Given information —
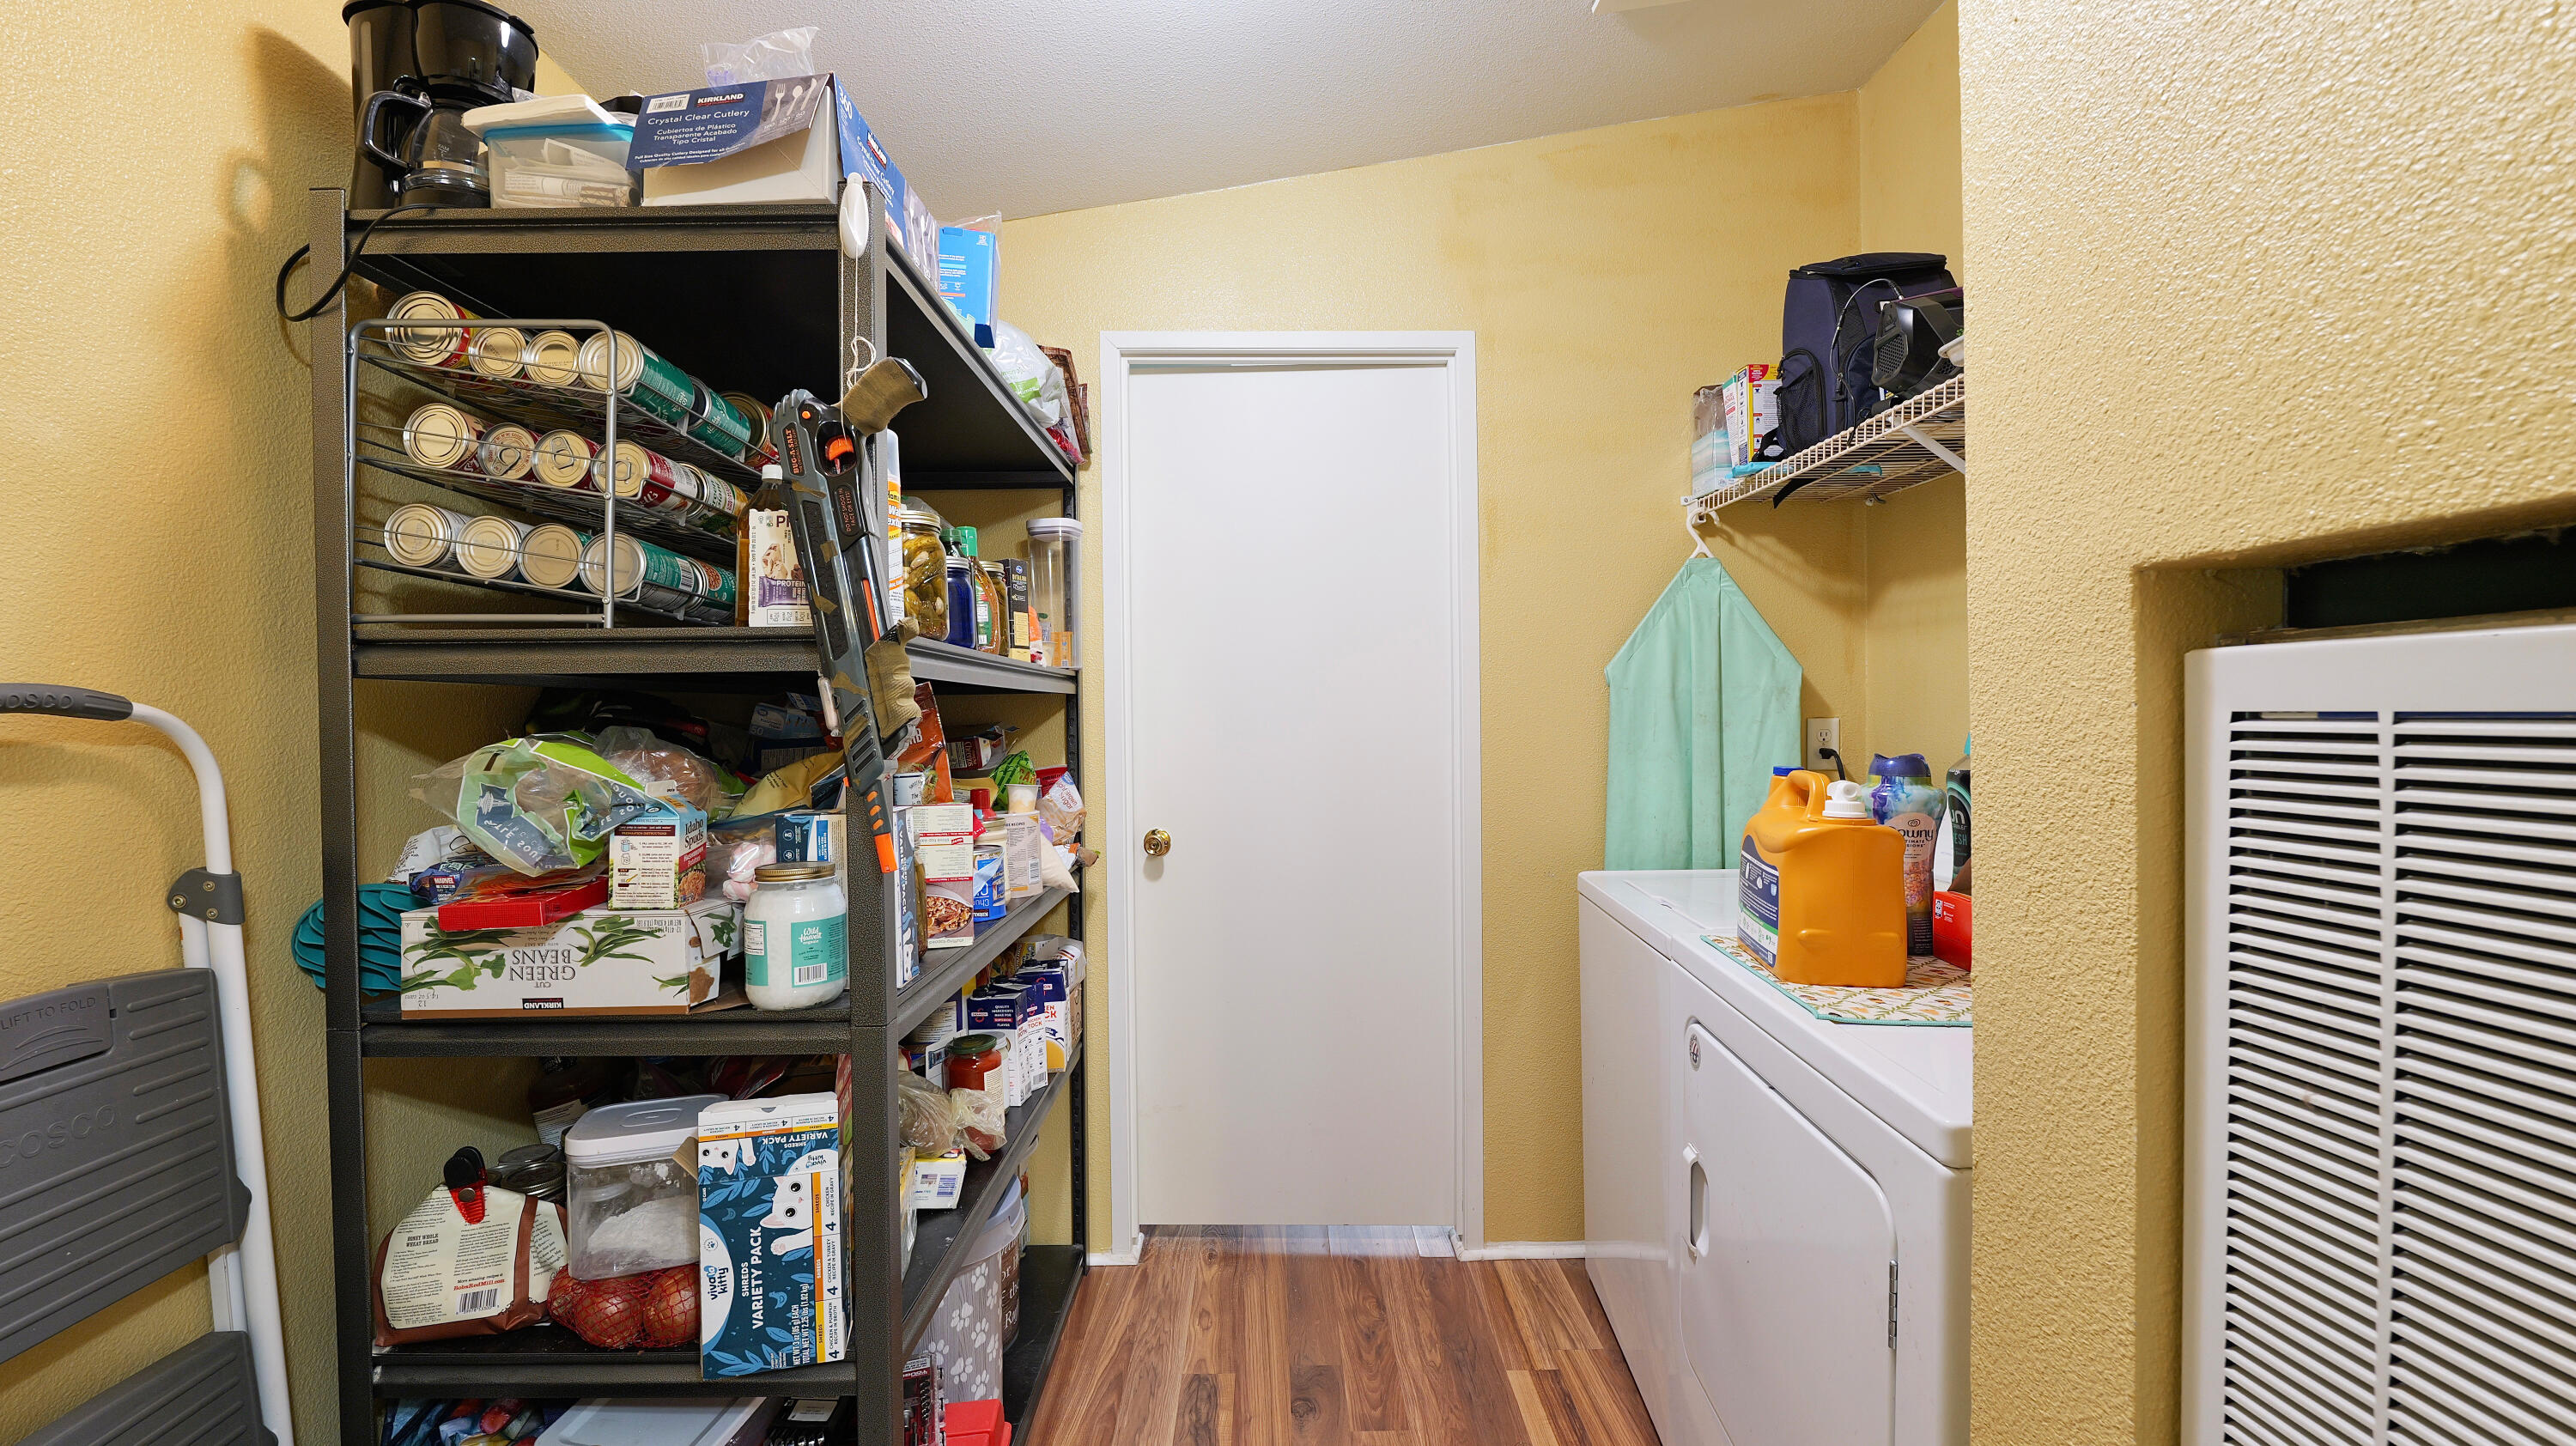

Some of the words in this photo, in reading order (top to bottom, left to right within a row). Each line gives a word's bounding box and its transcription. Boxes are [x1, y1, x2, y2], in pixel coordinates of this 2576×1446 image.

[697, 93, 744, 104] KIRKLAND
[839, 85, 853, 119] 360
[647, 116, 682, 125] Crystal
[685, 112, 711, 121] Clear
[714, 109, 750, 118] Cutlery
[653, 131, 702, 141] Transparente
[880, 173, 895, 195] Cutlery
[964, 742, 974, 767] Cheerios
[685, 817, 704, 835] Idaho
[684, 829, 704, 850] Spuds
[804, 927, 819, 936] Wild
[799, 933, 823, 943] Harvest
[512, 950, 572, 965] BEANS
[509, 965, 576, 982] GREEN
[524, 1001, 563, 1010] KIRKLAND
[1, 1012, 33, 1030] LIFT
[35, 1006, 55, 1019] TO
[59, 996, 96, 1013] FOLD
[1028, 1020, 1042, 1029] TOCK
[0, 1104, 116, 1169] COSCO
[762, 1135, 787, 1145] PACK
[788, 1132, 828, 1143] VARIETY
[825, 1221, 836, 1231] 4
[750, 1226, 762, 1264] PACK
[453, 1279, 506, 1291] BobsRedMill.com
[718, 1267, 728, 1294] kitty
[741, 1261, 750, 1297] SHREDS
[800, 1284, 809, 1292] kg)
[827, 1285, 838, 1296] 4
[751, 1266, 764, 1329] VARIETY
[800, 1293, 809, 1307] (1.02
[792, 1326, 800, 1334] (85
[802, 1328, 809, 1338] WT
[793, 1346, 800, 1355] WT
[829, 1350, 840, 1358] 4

Task —
Set down all the lines above exactly as they appear, with no pictures.

Solution to this problem —
Some of the words in this photo, in reading order (top to bottom, left to right within a row). Each line gives a word's bounding box and its transcription. Boxes are [x1, y1, x2, y2], in pixel coordinates of this 2576×1446 image.

[697, 93, 744, 104] KIRKLAND
[839, 85, 853, 119] 360
[647, 116, 682, 125] Crystal
[685, 112, 711, 121] Clear
[714, 109, 750, 118] Cutlery
[653, 131, 702, 141] Transparente
[880, 173, 895, 195] Cutlery
[964, 742, 974, 767] Cheerios
[685, 817, 704, 835] Idaho
[684, 829, 704, 850] Spuds
[804, 927, 819, 936] Wild
[799, 933, 823, 943] Harvest
[512, 950, 572, 965] BEANS
[509, 965, 576, 982] GREEN
[524, 1001, 563, 1010] KIRKLAND
[1, 1012, 33, 1030] LIFT
[35, 1006, 55, 1019] TO
[59, 996, 96, 1013] FOLD
[1028, 1020, 1042, 1029] TOCK
[0, 1104, 116, 1169] COSCO
[762, 1135, 787, 1145] PACK
[788, 1132, 828, 1143] VARIETY
[825, 1221, 836, 1231] 4
[750, 1226, 762, 1264] PACK
[453, 1279, 506, 1291] BobsRedMill.com
[718, 1267, 728, 1294] kitty
[741, 1261, 750, 1297] SHREDS
[800, 1284, 809, 1292] kg)
[827, 1285, 838, 1296] 4
[751, 1266, 764, 1329] VARIETY
[800, 1293, 809, 1307] (1.02
[792, 1326, 800, 1334] (85
[802, 1328, 809, 1338] WT
[793, 1346, 800, 1355] WT
[829, 1350, 840, 1358] 4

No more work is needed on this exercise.